It launched last week and the reason you haven’t seen much local coverage is because journalists weren’t even allowed to take pictures of the Mate 30 phones at the Joburg event. Luckily for us it seems like the product will be coming to South Africa at some stage because it at least appears on the local version of the website, whereas reports from Europe are coming in stating that the phone is buried deep in sub-menus.
Okay, let’s get some perspective. Huawei are still operating under the US trade ban which restricts the Chinese manufacturer from running any first party Google services. Mate 30 launched with a skinned version of Android via the Android open-source project (AOSP), but ships without the Play Store and other core Google apps like Gmail and Google Maps. Installing those shouldn’t be a problem from third party sources, but requires an unlocked bootloader. Huawei have since confirmed that consumer device boss incorrectly stated that Mate 30 would allow easy root access or an unlocked bootloader. Yes, even if you don’t know what any of this means, you’re right to suspect that Huawei is in deep trouble.
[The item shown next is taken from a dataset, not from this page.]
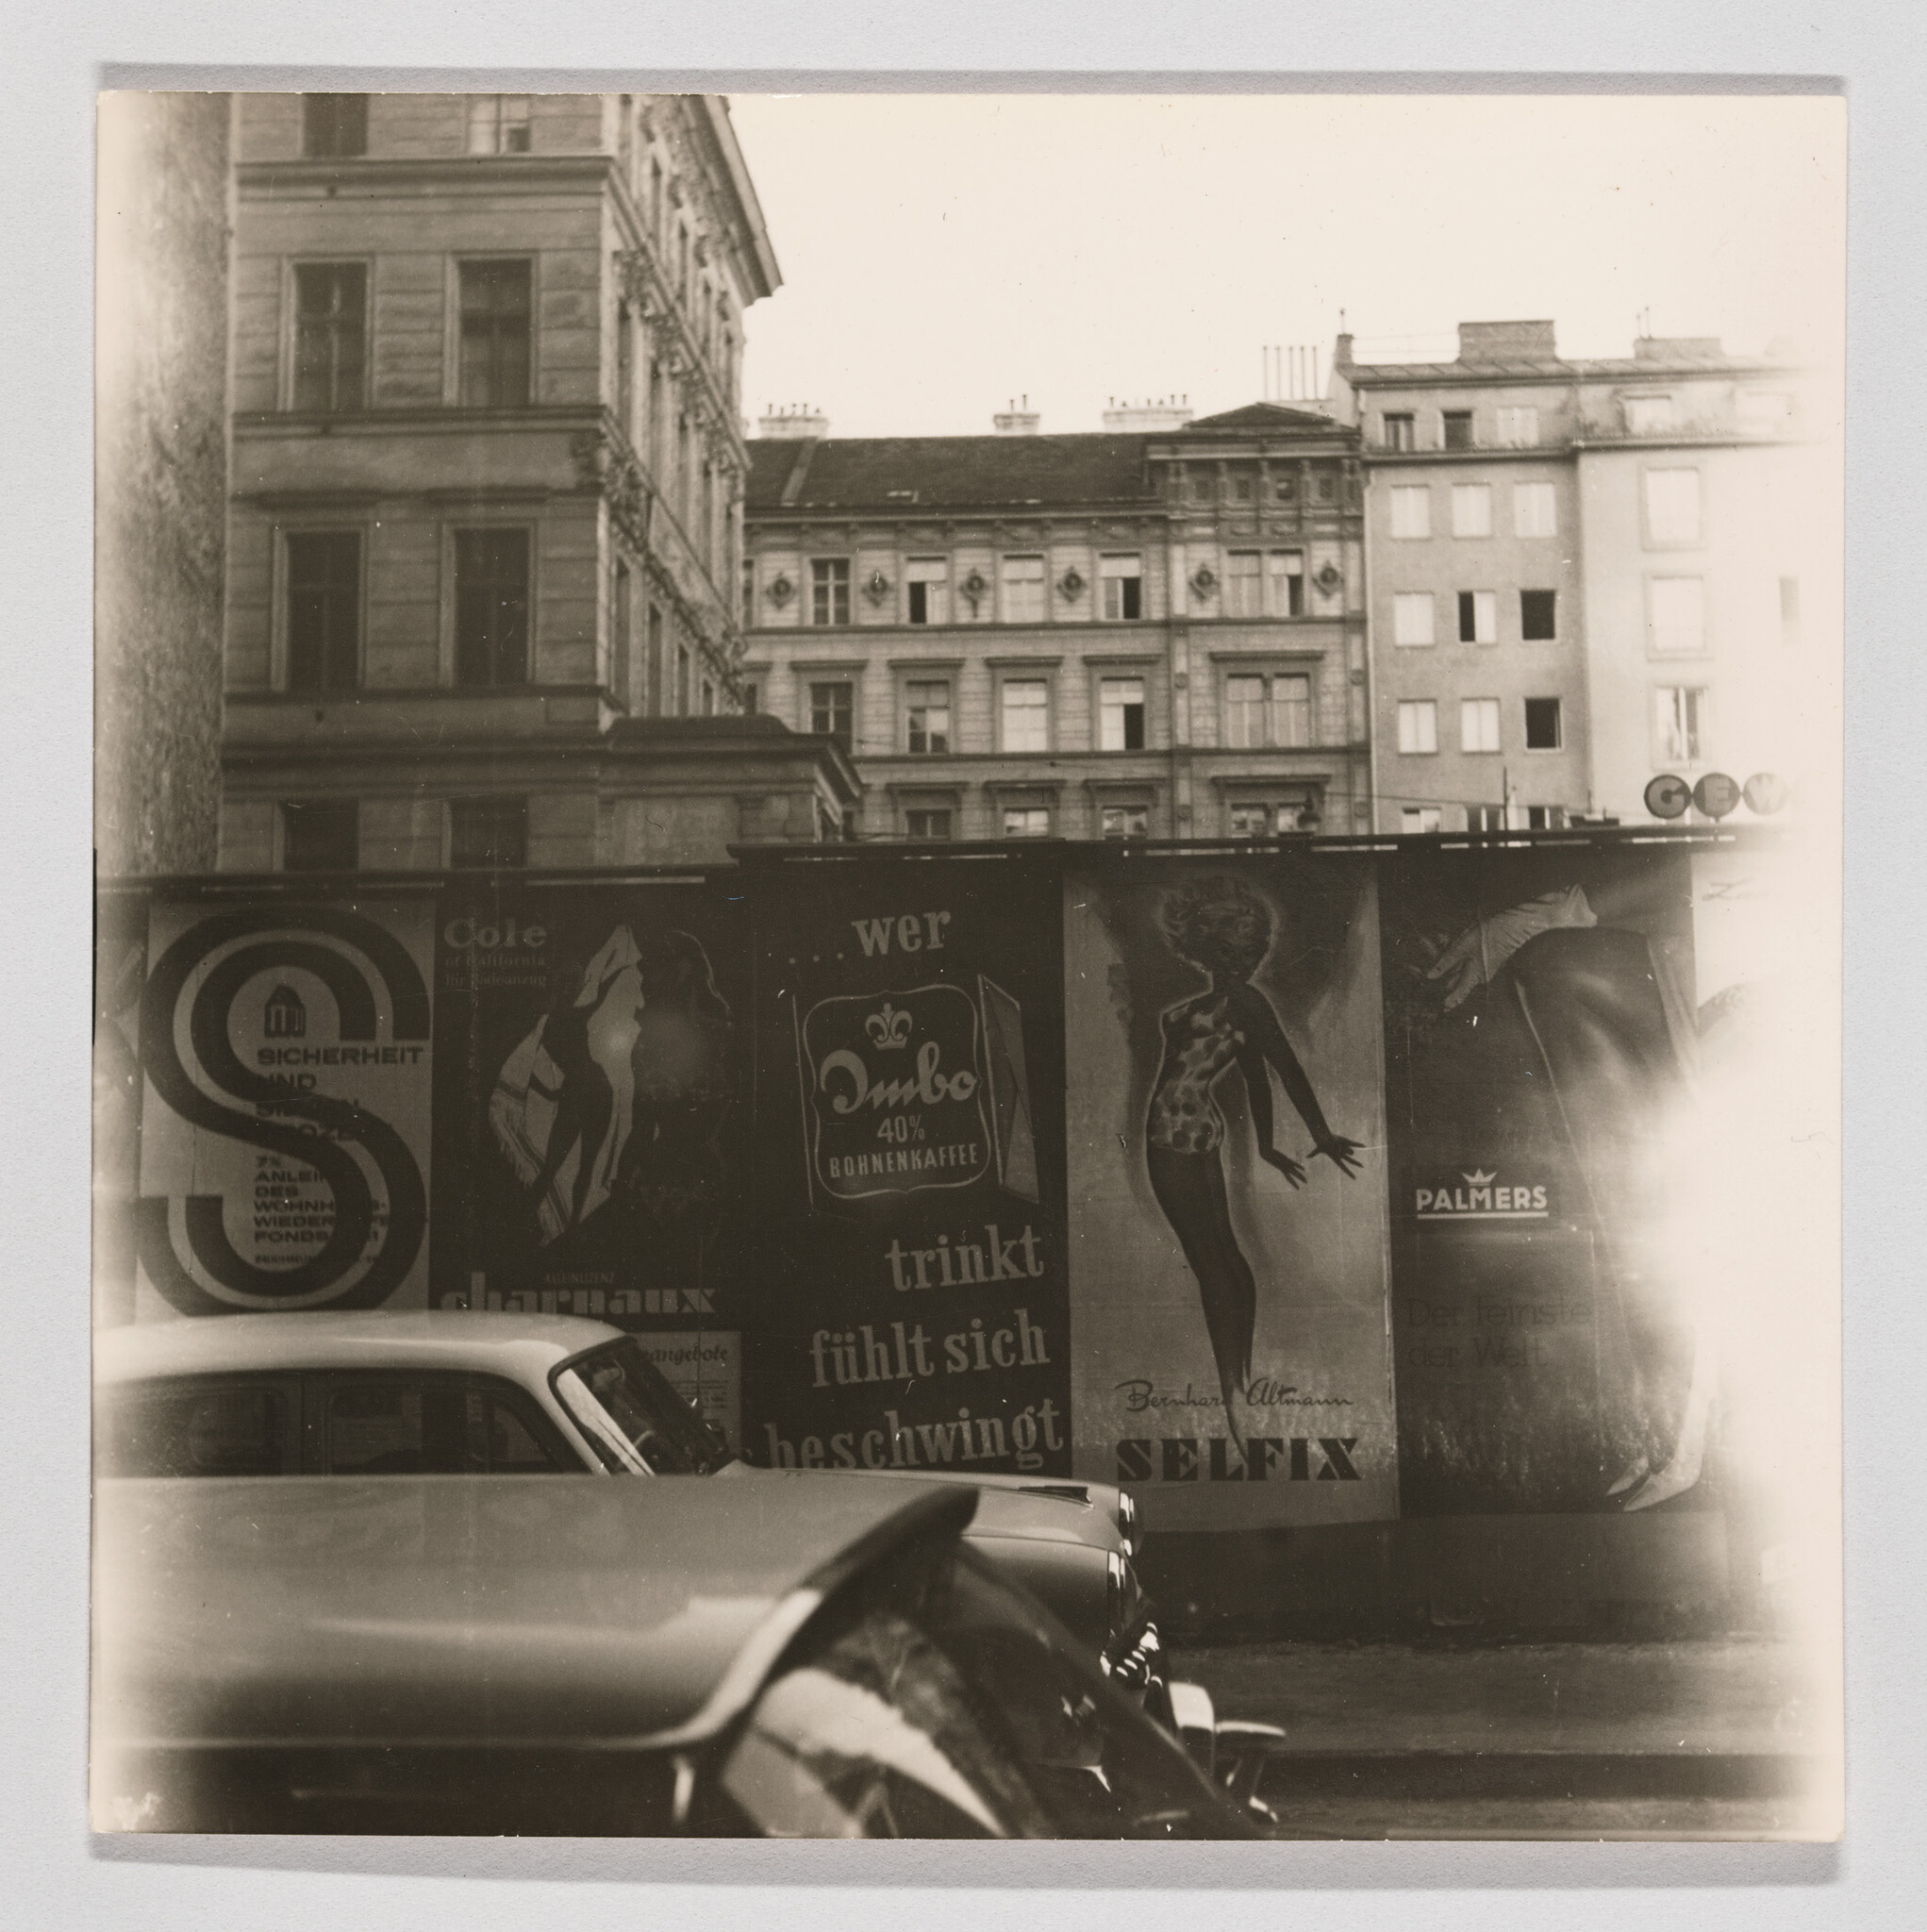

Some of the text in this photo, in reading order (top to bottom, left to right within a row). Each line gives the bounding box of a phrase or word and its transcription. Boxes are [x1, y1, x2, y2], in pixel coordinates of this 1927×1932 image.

Look, HERE maps is a great alternative to Google’s navigation offering and is powerful combined with Huawei’s dual GPS radio tech. You can also find great email apps out there and Huawei does make a full selection of productivity solutions that come pre-loaded. But you lose the power of Google Assistant, which is the secret sauce that keeps me coming back. I would be completely lost without Google scanning my emails and automagically populating my calendar with appointment details.
On the positive side the Mate 30 Pro adds a few new hardware and software tricks that I hope other manufacturers will adopt in the near future. An upgraded ultrawide camera that it calls “Cine” is now powered by a large 40MP sensor. I’m still concerned about how the company is managing lens distortion. The main “Super Sensing” 40MP RYYB (yellow pixels instead of green) is retained an is still the largest on a smartphone. Big, high resolution sensors are Huawei’s edge right now despite the company’s comical over sharpening of jpegs. I preferred the software tricks it pulled with an additional monochrome sensor, but now I’m just splitting hairs.
The big news here is DJI Osmo Mobile 3 compatibility and functionality is baked directly into the main camera app. When you consider this in the context of the promised video improvements, this may be the best option for mobile content creation. This obviously flies in the face of the iPhone 11 claims of being the best device for mobile video recording. I doubt this bet will pay off for Huawei, but I hope LG is taking notes about integrating third party APIs into its stock software.
AI processing is also improved thanks to a new BIG.little neural processing unit (NPU) architecture in the Kirin 990 chip and the tangible benefits can be seen in the enhanced security features. The face unlock sensors can detect if someone else is looking at your screen and immediately hide notifications from their view. Think about that for a second: if someone is peering over your shoulder, the phone will hide notifications. Apple had everyone beaten with the “attention” detection in FaceID, but this is a whole new level of awesome.
Big battery and fast performance are par for the course right now, and proprietary integration with Huawei’s Matebook laptops round out what was a feature-packed presentation. I enjoy the idea Huawei has of locking people into their ecosystem, but what they need right now is a deal that grants them access to Google.
It’s impossible to recommend a device that doesn’t automatically pull your existing data and preferences into the apps you’re already using. Huawei’s terrible track record with software and hardware integration also counts against it as it tries to compete against mature platforms. Huawei used to be a cheap way to get a premium Android experience. It made its name on cloning the most desirable features from other manufacturers and then adding its own unique camera features on top.
Without Google services Huawei doesn’t have enough firepower. LG offers more pro camera features, Samsung have a more mature ecosystem and plays better with Microsoft as well and, if you’re a fruit fan, Apple has finally solved its battery endurance problems and blessed the iPhone with night-time photography powers. It’s a shame that it has come to this, but you probably shouldn’t get the Mate 30 or Mate 3o Pro.